Personal information
- Full name: Dion Dublin
- Date of birth: 22 April 1969 (age 57)
- Place of birth: Leicester, England
- Height: 6 ft 2 in (1.88 m)
- Positions: Centre-forward; centre-back;

Team information
- Current team: Cambridge United (Club Director)

Youth career
- Wigston Fields
- 1985–1988: Norwich City

Senior career*
- Years: Team / Apps / (Gls)
- 1988–1992: Cambridge United / 156 / (52)
- 1988: → Barnet (loan) / 1 / (0)
- 1988: → Wycombe Wanderers (loan) / 2 / (0)
- 1992–1994: Manchester United / 12 / (2)
- 1994–1998: Coventry City / 145 / (61)
- 1998–2004: Aston Villa / 155 / (48)
- 2002: → Millwall (loan) / 5 / (2)
- 2004–2006: Leicester City / 58 / (5)
- 2006: Celtic / 11 / (1)
- 2006–2008: Norwich City / 70 / (12)
- Total:  / 615 / (183)

International career
- 1998: England / 4 / (0)

= Dion Dublin =

English footballer (born 1969)

Dion Dublin (born 22 April 1969) is an English former professional footballer, television presenter and pundit. He is a club director of Cambridge United.

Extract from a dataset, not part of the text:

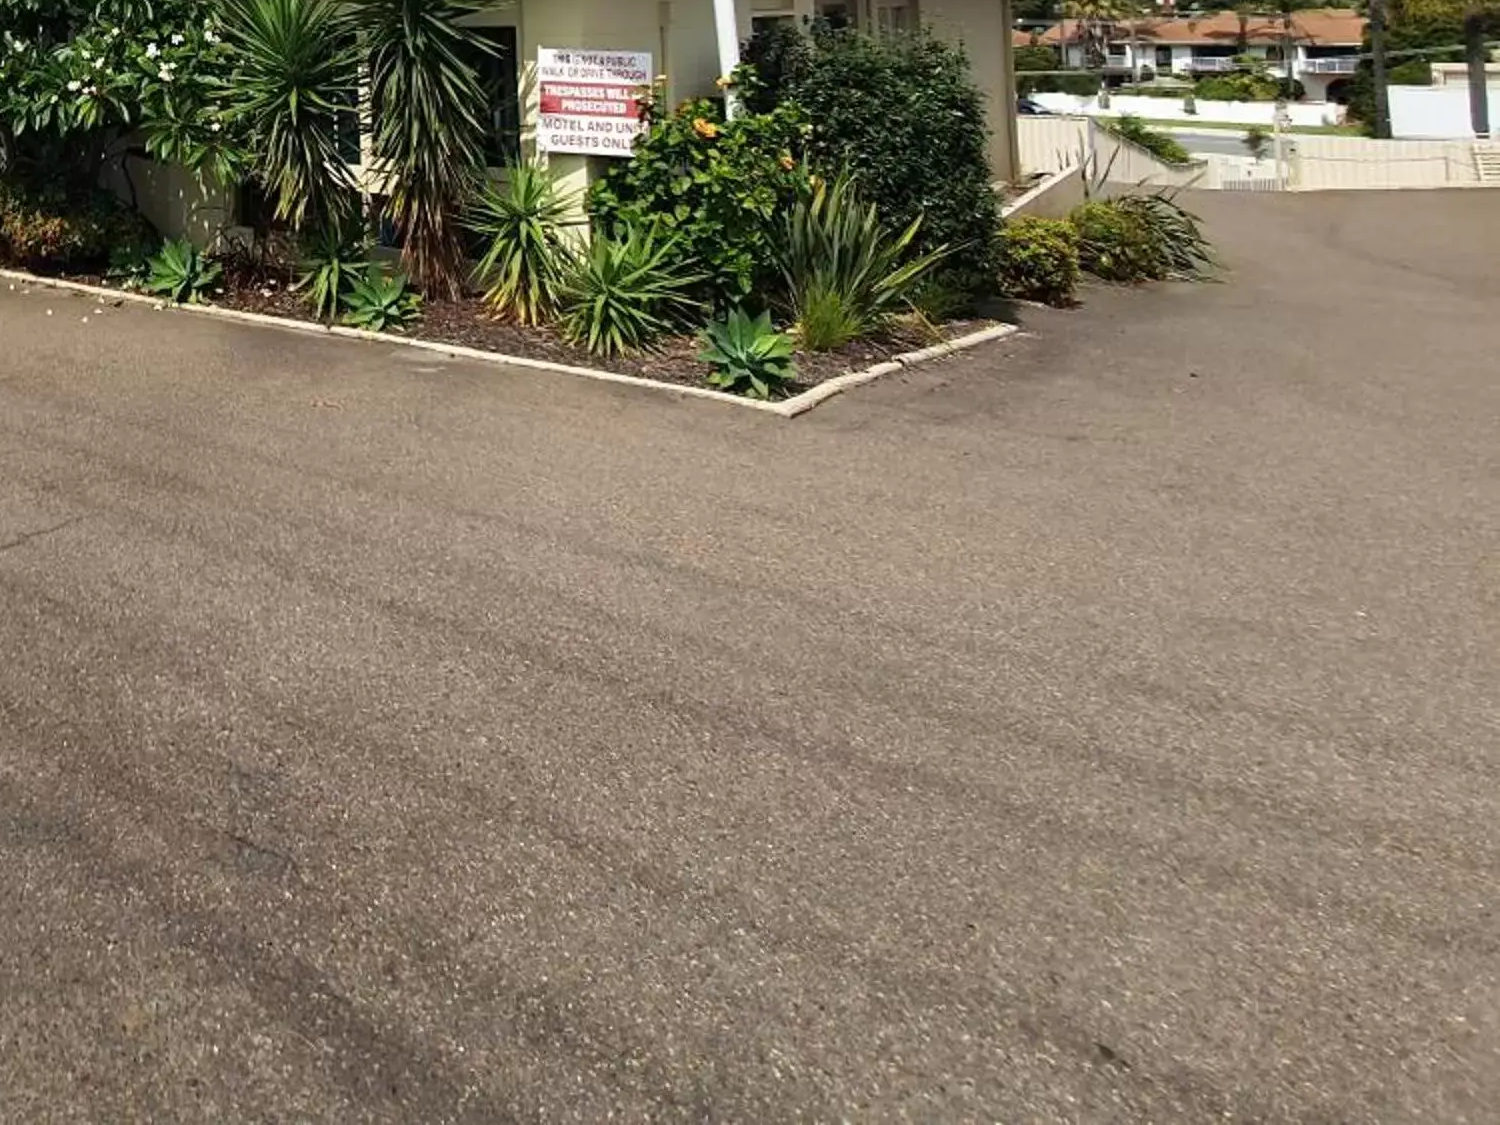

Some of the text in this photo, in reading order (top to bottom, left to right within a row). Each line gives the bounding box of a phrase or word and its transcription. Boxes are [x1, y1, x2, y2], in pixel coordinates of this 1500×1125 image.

As a player he was a centre-forward, notably playing in the Premier League for Manchester United, Coventry City and Aston Villa. He also had spells in the Scottish Premiership with Celtic, in the Conference with Wycombe Wanderers, and in The Football League with Cambridge United, Barnet, Millwall, Leicester City and Norwich City. He was capped four times for England.

Following his retirement from football, Dublin moved into the entertainment business. He is also an amateur percussionist, and invented a percussion instrument called "The Dube". In 2011, he accompanied Ocean Colour Scene in a gig at the University of East Anglia, Norwich. In 2015, he joined the presenting team on the BBC One daytime show Homes Under the Hammer and has appeared as a regular pundit for BBC Sport on Football Focus, Match of the Day and Final Score. He also occasionally provides co-commentary on live televised FA Cup games.

==Club career==

===Norwich City===
Dublin was born in Leicester. While at school he played for several Leicestershire youth teams, including Wigston Fields and Thurmaston Magpies. He then went on to begin his professional footballing career with Norwich City after leaving school in 1985, but never made a first-team appearance and was released by the club in 1988.

===Cambridge United===
In August 1988, Dublin joined Cambridge United on a free transfer, as a centre-forward, which had been his position at Norwich City. However, due to injuries he had to make a number of appearances at centre-half. His prolific goalscoring helped United to successive promotions. During the 1988–89 season, Dublin was then loaned out for short spells in the Conference with Barnet and Wycombe Wanderers. The 1989–90 season saw Cambridge promoted from the Fourth Division via the play-offs, when Dublin became the first ever scorer in a Wembley play-off final.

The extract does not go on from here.